The man chuckled. “Do you really want to know? Just accept that I’m here, at your service, Eminence.”
He felt another rush of anger at the patronizing tone. But the past few years, if nothing else, had taught him some measure of patience.
“And the woman?” he asked.
“I’m working on that, too.”
“Are you Hindu?”
“I’m an atheist.”
He needed to calm himself and expunge the growing rancor simmering inside him. This conversation was going nowhere. But he needed to know, “What are your qualifications to deal with my current needs?”
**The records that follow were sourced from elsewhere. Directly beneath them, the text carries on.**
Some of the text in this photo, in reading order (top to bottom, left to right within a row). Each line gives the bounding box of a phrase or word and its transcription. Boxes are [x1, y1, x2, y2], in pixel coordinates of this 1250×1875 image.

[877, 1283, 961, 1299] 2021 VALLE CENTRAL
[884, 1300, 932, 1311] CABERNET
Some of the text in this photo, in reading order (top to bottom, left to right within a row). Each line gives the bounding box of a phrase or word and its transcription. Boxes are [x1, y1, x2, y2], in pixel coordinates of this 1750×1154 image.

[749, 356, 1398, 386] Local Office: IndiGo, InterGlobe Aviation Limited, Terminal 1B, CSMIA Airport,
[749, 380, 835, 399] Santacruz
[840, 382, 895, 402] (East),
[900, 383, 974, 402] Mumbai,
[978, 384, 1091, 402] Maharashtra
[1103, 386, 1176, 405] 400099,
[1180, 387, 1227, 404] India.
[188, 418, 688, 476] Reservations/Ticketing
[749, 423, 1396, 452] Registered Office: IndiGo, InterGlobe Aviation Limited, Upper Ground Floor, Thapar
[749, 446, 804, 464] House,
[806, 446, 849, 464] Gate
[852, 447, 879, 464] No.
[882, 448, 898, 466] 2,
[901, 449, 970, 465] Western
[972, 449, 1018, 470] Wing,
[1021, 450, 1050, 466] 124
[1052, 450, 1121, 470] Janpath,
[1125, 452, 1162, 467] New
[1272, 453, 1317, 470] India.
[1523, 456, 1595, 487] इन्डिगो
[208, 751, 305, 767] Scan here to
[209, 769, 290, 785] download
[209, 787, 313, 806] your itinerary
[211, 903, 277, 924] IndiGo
Chatterjee stared him down. “I can fight, shoot, and don’t mind killing someone if the need arises.”
“Are we going to war?”
“You tell me, Eminence. As you pointed out, people have been searching for the Nostra Trinità a long time.”
“And what do you know about it?”
“Quite a bit. I hold a doctorate in medieval history from the University of York. My dissertation was on Jerusalem between the times of the Jews, Muslims, and Christians, from the 1st to 5th centuries, with an emphasis on European brotherhoods and their effect on intersect occupation. The Sovereign Military Hospitallers Order of St. John of Jerusalem, of Rhodes, and of Malta being one of those. I’m also quite good at scouring and stealing from archives, libraries, and newspaper morgues. I have few to no morals, and will do whatever is necessary to get the job done. I wrote a book on the Hospitallers. Didn’t sell all that well, but it did draw the attention of certain people likewise interested in the knights.”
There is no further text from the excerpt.